Carol balançou a cabeça:

— Bem que eu gostaria, Gu… Mas, e depois? O que aconteceu?

— Eu fiquei louco naquela época. Aliás, eu identifiquei que havia enlouquecido a partir daquela crise, e assim permaneci até hoje: doido varrido!

— Você perdeu o emprego? Veio morar na rua?

— Claro, perdi o emprego, mas não por causa da crise. Perdi para a tecnologia. Fui substituído por algoritmos e máquinas que faziam o meu trabalho com menor custo, 24 horas por dia, sem férias… Apesar de pegarem alguns vírus, raramente ficavam doentes ou paravam de servir aos patrões…

— Você poderia ter migrado pra área de tecnologia…

— Eles queriam moleques do Vale do Silício, mais adaptáveis aos novos tempos. Daí, identifiquei mudanças em mim, típicas de quem está sofrendo algum transtorno…

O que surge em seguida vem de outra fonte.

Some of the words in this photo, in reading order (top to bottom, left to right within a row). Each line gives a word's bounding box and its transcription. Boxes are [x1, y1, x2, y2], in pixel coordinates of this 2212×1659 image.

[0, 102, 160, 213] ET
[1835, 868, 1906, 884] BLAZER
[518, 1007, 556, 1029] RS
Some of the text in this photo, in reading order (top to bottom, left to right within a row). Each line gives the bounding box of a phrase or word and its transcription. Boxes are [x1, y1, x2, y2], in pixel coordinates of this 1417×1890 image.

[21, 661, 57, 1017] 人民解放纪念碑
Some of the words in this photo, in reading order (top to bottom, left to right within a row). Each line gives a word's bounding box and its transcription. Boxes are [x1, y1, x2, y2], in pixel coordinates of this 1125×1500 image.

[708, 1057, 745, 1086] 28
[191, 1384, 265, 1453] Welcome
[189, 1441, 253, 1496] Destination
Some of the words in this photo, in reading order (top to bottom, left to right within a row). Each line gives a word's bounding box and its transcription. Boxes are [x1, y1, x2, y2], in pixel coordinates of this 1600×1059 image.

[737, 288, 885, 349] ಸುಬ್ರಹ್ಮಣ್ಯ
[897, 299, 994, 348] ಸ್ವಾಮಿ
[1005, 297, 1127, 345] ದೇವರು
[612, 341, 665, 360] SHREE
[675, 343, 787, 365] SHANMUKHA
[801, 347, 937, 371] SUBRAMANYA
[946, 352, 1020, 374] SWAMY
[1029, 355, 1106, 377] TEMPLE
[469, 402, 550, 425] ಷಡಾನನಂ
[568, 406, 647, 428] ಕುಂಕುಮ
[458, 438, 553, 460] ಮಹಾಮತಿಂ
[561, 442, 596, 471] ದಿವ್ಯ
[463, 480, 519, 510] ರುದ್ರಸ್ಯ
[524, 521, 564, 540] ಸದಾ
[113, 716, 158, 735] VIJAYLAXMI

— Entendi. E onde você mora?

— Não posso revelar, mocinha.

— Então você não fica na rua?

Ele olhou pra cima, tirou um relógio de bolso, para o espanto de Carol, e comentou:

— Está na hora do meu intervalo. Talvez chova mais tarde.

— Você tem casa? Não quer falar sobre isso?

Ele acenou brevemente para Carol e deixou-a falando sozinha. Seguiu para o metrô.

Carol ficou pensativa durante a tarde toda. Afinal, o caminho que ela traçava para sua carreira era exatamente o mesmo que o doido da bolsa havia percorrido. E, se o resultado era aquele, havia razões para se preocupar. Encontrou-se com Pedro na saída:

— Será que vale a pena? A gente investe tanto na formação, dá um duro danado, e, no fim, acaba descartado pelo mercado…

— Ah, Carol, não encana… Agora você vai dar ouvidos pra um louco de rua?

O tempo passou.

Eles se encontraram.

— Pedro, sinto muito…

— Eu vou me virar. Não se preocupe…

— Você devia ter me ouvido.

— Eu sei, Carol. Nem todo mundo consegue mudar a vida facilmente.

— Facilmente?

—  Desculpe, eu não quis dizer que o seu caminho foi fácil. Na verdade, eu que não tive coragem de perceber que a loucura não estava em abandonar tudo e seguir um novo caminho, e sim em continuar naquilo que você me avisou que não ia dar certo…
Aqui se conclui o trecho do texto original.